When I was in the fourth grade my dad spent a year in Viet Nam. There was a man in our town named Jerry. His son was my best friend. Jerry made sure that when the cub scouts had a father-son camp out I got to go. He made time for me. He touched my life in a way that made a difference.
There is a retired priest that has been my teacher, mentor, and friend for years. I call him almost every week, at least once. Sometimes I have a question or something I want to discuss with him. Other times I just want to hear his voice and feel his presence. I can’t count the number of times and ways I have felt the divine touch from him. His touch has healed me and made me well.
I remember a particular professor in seminary that was the odd duck on the faculty. He didn’t talk much and he didn’t hang out with people. He spent his time in the library reading and I said, “I like that guy. I get him.” He touched my life in a way that said, “It’s ok to be like you are.” He touched me by his example and it made a difference for me.

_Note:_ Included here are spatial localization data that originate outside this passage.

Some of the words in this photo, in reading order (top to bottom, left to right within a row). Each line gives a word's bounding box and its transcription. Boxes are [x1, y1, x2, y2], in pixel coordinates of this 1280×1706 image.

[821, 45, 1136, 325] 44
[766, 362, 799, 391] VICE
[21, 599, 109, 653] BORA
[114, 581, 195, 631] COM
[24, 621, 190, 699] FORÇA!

These kind of things are happening all the time in a thousand different ways. Every one of you could tell stories about someone who touched your life in a way that made a difference, healed you, opened your eyes to see something new, called you into your better self, gave you courage or confidence, or told you a truth you didn’t want to hear but needed to hear.

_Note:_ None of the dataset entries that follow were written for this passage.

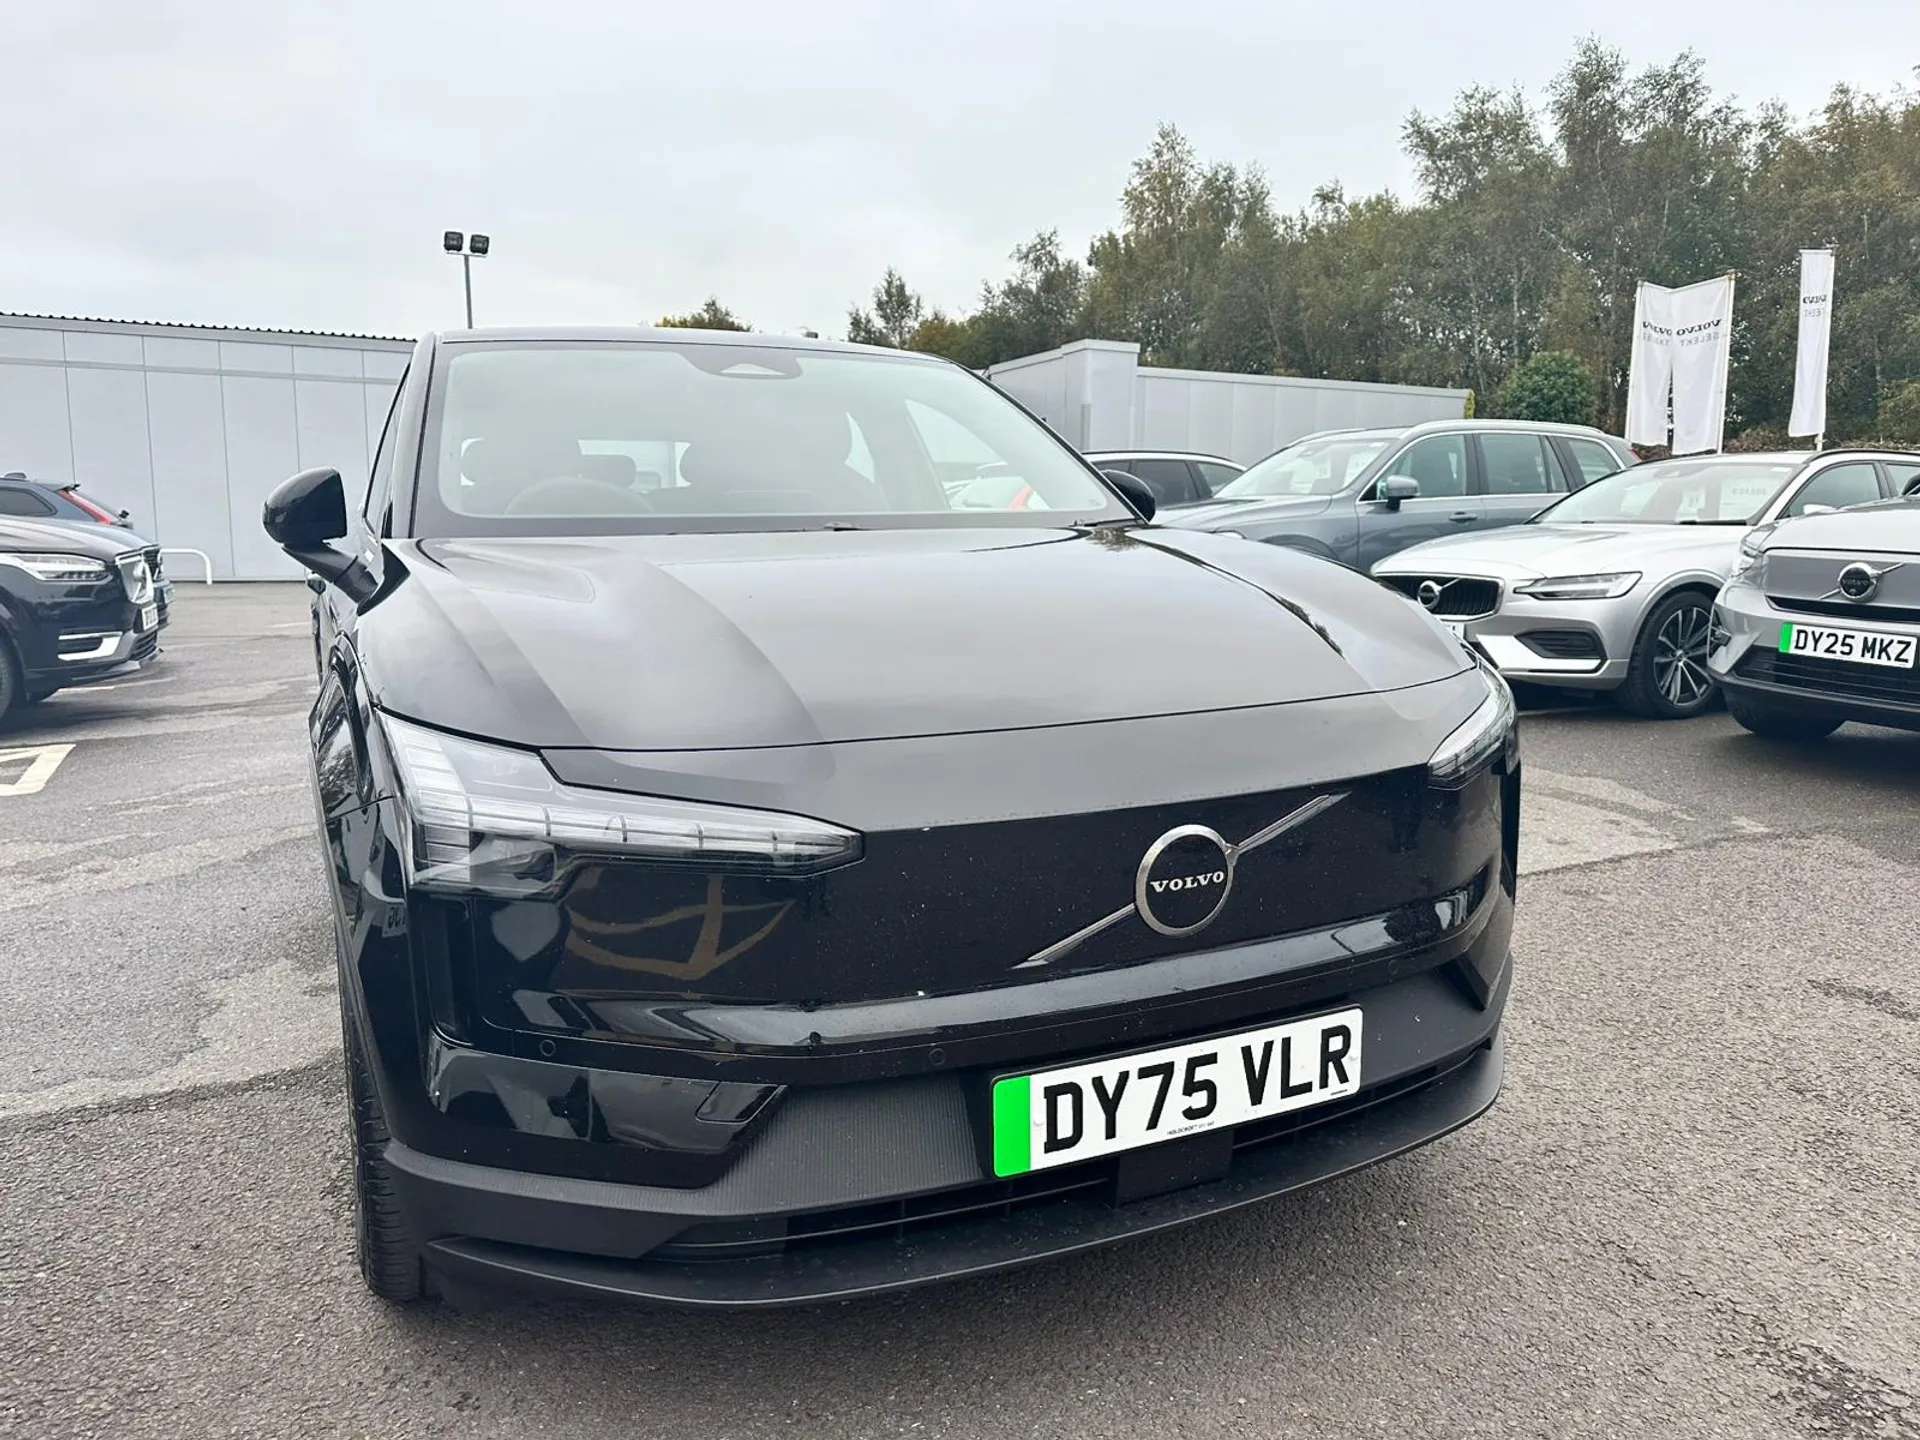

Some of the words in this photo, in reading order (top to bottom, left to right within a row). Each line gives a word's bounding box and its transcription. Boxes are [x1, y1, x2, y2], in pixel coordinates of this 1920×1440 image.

[1795, 629, 1855, 656] DY25
[1861, 636, 1912, 663] MKZ
[1150, 871, 1224, 893] VOLVO
[1043, 1052, 1218, 1154] DY75
[1241, 1024, 1351, 1106] VLR

Think about those people that you’ve known for years or maybe you meet them for the first time and you just want to rub up against them hoping that whatever it is they’ve got you’ll get some on you. They carry this presence, this life, this energy that when you are in it and around it makes you well. That’s the divine touch.
And there are people that you have done that for. Someone says to you, “Do you remember when you said or did …? It really touched me and made a difference.” And you don’t remember what he or she talking about.
This divine touch happens in simple and ordinary ways. It’s as simple as rubbing an arm or giving a hug and as ordinary as a phone call or an example. We might be touched physically but we can also be touched by note, a wink, a prayer. We’re remembered, recognized, and affirmed. And we’re made well.
What in your life today needs or wants to be made well? What in you needs to be touched. What do you need to get back in touch with? What would it take to allow that touch to happen? Maybe you need to face a fear, regret, guilt, disappointment. Maybe you need to let your guard down. Maybe you have to believe and learn that you really are worthy of being touched, seen, and recognized. Maybe it means admitting that once in a while we’re just not well and we need a divine touch.
What would it be like for you to go out into the world today looking for the people, relationships, circumstance that are waiting for and needing to be touched with a divine touch? What if you are the one to reach out and help someone else be made well, to offer hope, courage, love, a way forward?
When we touch we make a difference and when we withdraw from or refuse to touch we make a difference. The poet David Whyte says that to be untouched is to disappear. When I don’t get touched, when I’m not connected, I disappear, I’m lost. And when I refuse to touch another I impose that lostness and disappearance on them.
What if today you and I were to look for those places that need to be touched and made well in ourselves and in each other? I don’t know what that might accomplish but I know this. In today’s gospel the hemorrhaging women touches Jesus’ cloak. He turns and touches her with his gaze and then he says, “Go in peace.” Maybe the divine touch, when we receive it or offer it to another, is what allows all of us to go in peace.